# World Of Warcraft - Mists of Pandaria Release 25th September 2012



## Ralphvxr (May 7, 2010)

Well release date is here for the new WOW expansion :thumb:

This is going to be my last roll of the dice with it cause quite frankly the content isnt keeping me interested like it used to or maybe i am growing out of the game :tumbleweed:

New Monk class looks interesting but not so sure on the panda's 

might as well get a few peoples views on it:speechles

I got invite to the beta test but didnt use it i like to do things when they come out not pre play a *******ised version :wall:


----------



## PugIain (Jun 28, 2006)

dont
ever
mention
WOW


please.
Took me about 5 years to get off it lol 
Still tempted to go back.Me and a mate lost literally days on end to it.Now its Diablo 3!


----------



## Ralphvxr (May 7, 2010)

I couldnt get into D3, got a char to level 20 just found it all a bit samey ???


----------



## PugIain (Jun 28, 2006)

I quite like it.
The dungeons change from play to play and also youve got public games.
Handy when you want to just wander about while others kills stuff and you gets loots.
As opposed to having people running around going HEAL ME HEAL ME! or, TANK!! IM GETTING AGGRO!
Goons lol.


----------



## Ralphvxr (May 7, 2010)

I know but WOW for me has a sense of End game not like D3 complete acts on easy then do all acts again on hard then inferno etc etc


----------



## PugIain (Jun 28, 2006)

I see your point but I think I ended up getting sick of WOW because after getting 90% of the achievements and doing all the dungeons what was there to do?
I had illustrious grand master trade skills.So I ended up with loads of cash and not much else to do.I used to start new toons,play for a bit then delete them.Or level them to lowest dungeon level then turn XP gain off and just do low level dungeon runs just to get the low level rare items.Dont get me wrong I enjoyed it,hence the number of years I played it.But in the end it just became a bit of an obsession,so I quit.


----------



## Ralphvxr (May 7, 2010)

I been playing 6 years now i think and was a pretty hardcore playing wise maybe not in all the right guilds doing server 1sts but was still doing end game content but only leveled 60 1 week before TBC

I logged in a few time over past few months and renewed subscription recently ready for MOP so will give it a whirl


----------



## mlgt (Apr 11, 2008)

I remember playing wow in beta stage and playing up until the deathnights.

Left the game with a whole load of lvl 70 characters.

The game is very time consuming but I hear they have made it easier now.

Im glad I left the game.

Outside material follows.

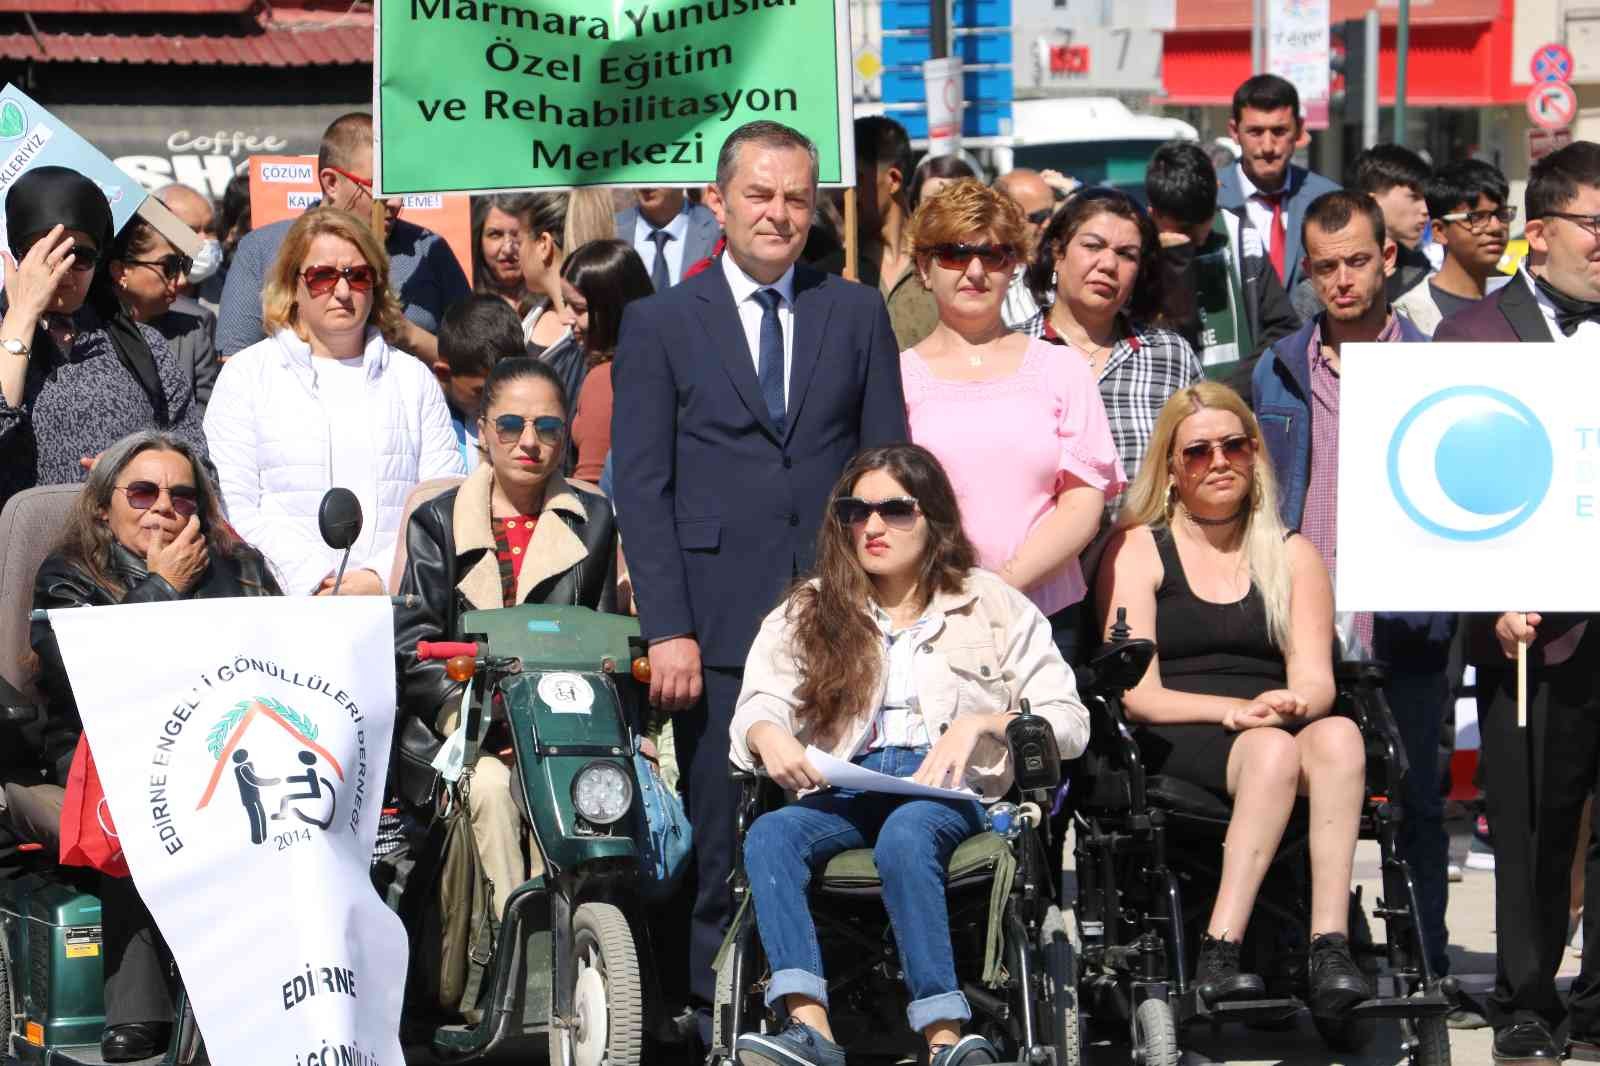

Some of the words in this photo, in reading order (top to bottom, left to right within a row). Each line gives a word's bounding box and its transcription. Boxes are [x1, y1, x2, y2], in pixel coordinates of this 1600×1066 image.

Which server are you on?


----------



## Junior Bear (Sep 2, 2008)

Diablo 3 was a big disappointment for me. Waited 10 years for it to come out. 

Diablo 2 was immense


----------



## Ralphvxr (May 7, 2010)

I cant recall what server i am on think its Burning Legion :lol:

Sorry i was on Talnivarr for 5 years and only moved before Christmas last year to a more active server

Char name is Ralphiester, my main anyway


----------



## Guest (Jul 26, 2012)

I got drawn into this game and was hooked on it for about 3 years. At the time I was enthralled by it. Got bored by the time I hit 85 on my main in Feb last year. 
I've not played it since and now realise what a life sucking leach the game is. I have nothing to show for those 3 years, since virtually all my spare time was spent playing it. My life really is so much richer for staying away from it (and pretty much any other computer game).

Sorry to go O/T.


----------



## Ralphvxr (May 7, 2010)

Oh i have wasted a full year of my life in hours days months playing the game but i enjoyed it then :lol:

Think across my chars i have over 365 played days pps:


----------



## PugIain (Jun 28, 2006)

All of my toons are on the Aggramar eu server.I might go back one day,you never know!


----------



## lobotomy (Jun 23, 2006)

I have a friend who lost his life to this game. We literally never saw him for 3 years. 

I remember playing it a couple times when it was an isometric top-down game. Lord British and all that.


----------



## Ralphvxr (May 7, 2010)

Well 4 days till my life is das for a week or so

Got next week off and the wifes leaving the country :lol:

Ordered my digital copy


----------



## PugIain (Jun 28, 2006)

I've seen a few bits and bobs. Nothing ground breaking though . I'm going to give Guild Wars 2 a go. It's free to play.


----------



## anthonyh90 (Mar 30, 2011)

The expansion looks pretty decent although i think i'll stay with guild wars 2.


----------



## Ralphvxr (May 7, 2010)

Week now since release

Everything is all new but i do wonder how long its going to keep my attention span in tact


----------



## PugIain (Jun 28, 2006)

anthonyh90 said:


> The expansion looks pretty decent although i think i'll stay with guild wars 2.


how are you finding it?. I quite like it.


----------



## anthonyh90 (Mar 30, 2011)

PugIain said:


> how are you finding it?. I quite like it.


thoroughly enjoying it atm. currently level 42 with my human ranger. i've only been playing PvE so far. think i'll try PvP and WvW once i get to a slightly higher level and get some better gear.


----------



## PugIain (Jun 28, 2006)

Ive got 4-5 toons most low lev and one 30. I like it, I've only done pve upto now.

sent by someone from somewhere by magic


----------